__Task description__. Give back the lines below exactly, but do not include any pictures.

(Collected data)
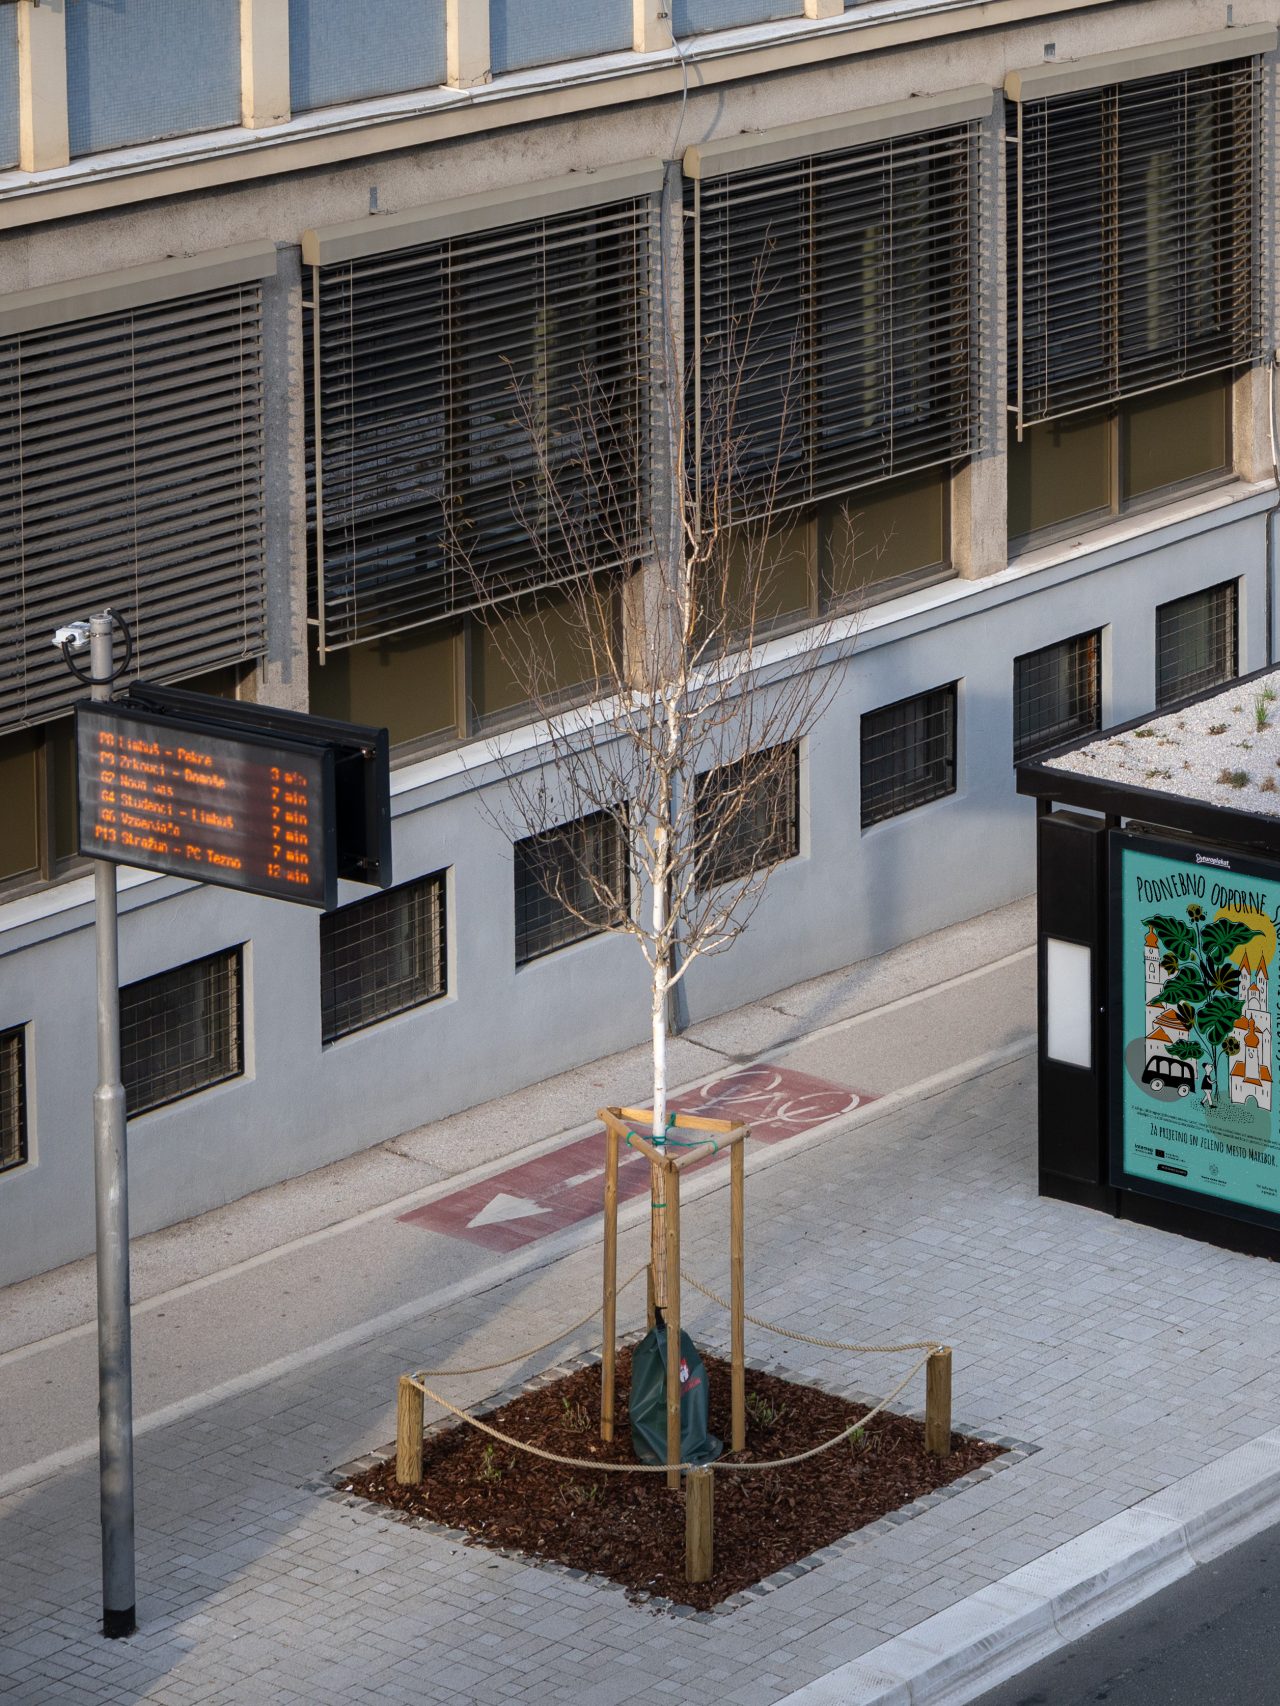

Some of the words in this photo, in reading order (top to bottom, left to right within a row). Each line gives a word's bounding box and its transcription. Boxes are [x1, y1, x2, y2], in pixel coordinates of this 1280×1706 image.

[284, 792, 308, 806] min
[285, 811, 308, 826] min
[286, 830, 308, 846] min
[95, 825, 116, 842] P13
[186, 845, 202, 860] PC
[207, 850, 242, 870] Tezno
[268, 864, 280, 878] 12
[286, 869, 309, 884] min
[286, 850, 308, 864] min
[1136, 872, 1206, 904] PODNEBNO
[1210, 883, 1267, 917] ODPORNE
[1159, 1126, 1188, 1145] PRIJETNO
[1200, 1136, 1224, 1154] ZELENO
[1226, 1144, 1247, 1158] MESTO
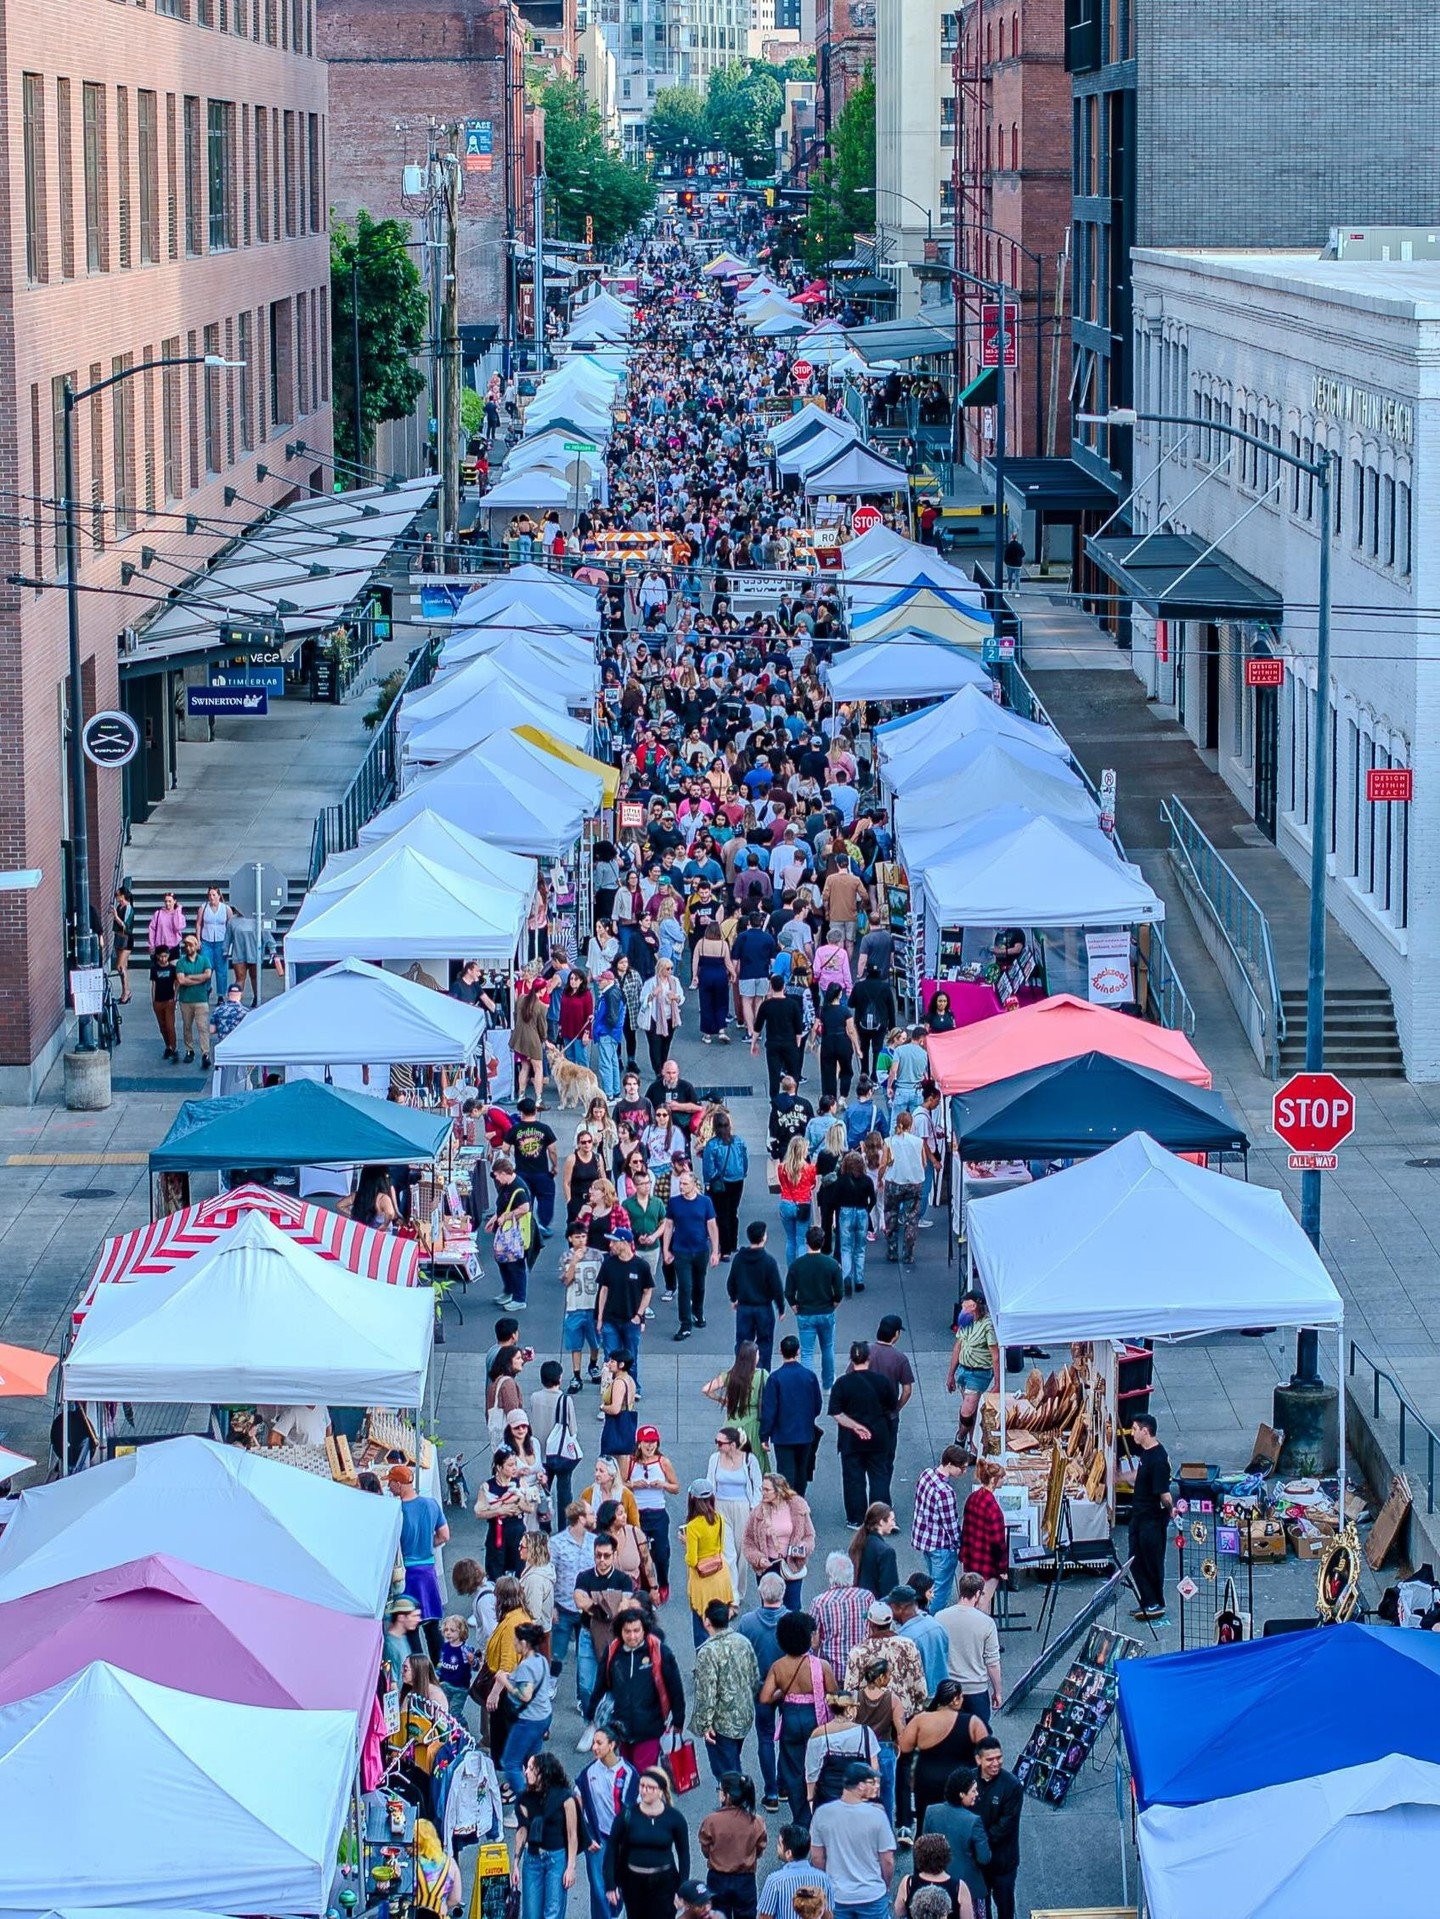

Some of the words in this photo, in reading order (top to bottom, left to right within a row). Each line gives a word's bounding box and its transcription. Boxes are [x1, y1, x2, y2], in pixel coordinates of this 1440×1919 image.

[794, 366, 811, 375] STOP
[1311, 376, 1345, 419] DESIGN
[1346, 385, 1381, 432] WITHIN
[1382, 397, 1413, 445] REACH
[854, 516, 880, 528] STOP
[250, 653, 294, 663] vacaa
[1278, 1098, 1349, 1128] STOP
[1292, 1156, 1334, 1168] ALL-WAY

__Answer box__.
Some of the words in this photo, in reading order (top to bottom, left to right within a row). Each line gives a word's bounding box and its transcription. Boxes are [x1, y1, x2, y2], in pixel coordinates of this 1280×1706 image.

[284, 792, 308, 806] min
[285, 811, 308, 826] min
[286, 830, 308, 846] min
[95, 825, 116, 842] P13
[186, 845, 202, 860] PC
[207, 850, 242, 870] Tezno
[268, 864, 280, 878] 12
[286, 869, 309, 884] min
[286, 850, 308, 864] min
[1136, 872, 1206, 904] PODNEBNO
[1210, 883, 1267, 917] ODPORNE
[1159, 1126, 1188, 1145] PRIJETNO
[1200, 1136, 1224, 1154] ZELENO
[1226, 1144, 1247, 1158] MESTO

Some of the words in this photo, in reading order (top to bottom, left to right within a row). Each line gives a word's bounding box and its transcription. Boxes are [x1, y1, x2, y2], in pixel coordinates of this 1440×1919 image.

[794, 366, 811, 375] STOP
[1311, 376, 1345, 419] DESIGN
[1346, 385, 1381, 432] WITHIN
[1382, 397, 1413, 445] REACH
[854, 516, 880, 528] STOP
[250, 653, 294, 663] vacaa
[1278, 1098, 1349, 1128] STOP
[1292, 1156, 1334, 1168] ALL-WAY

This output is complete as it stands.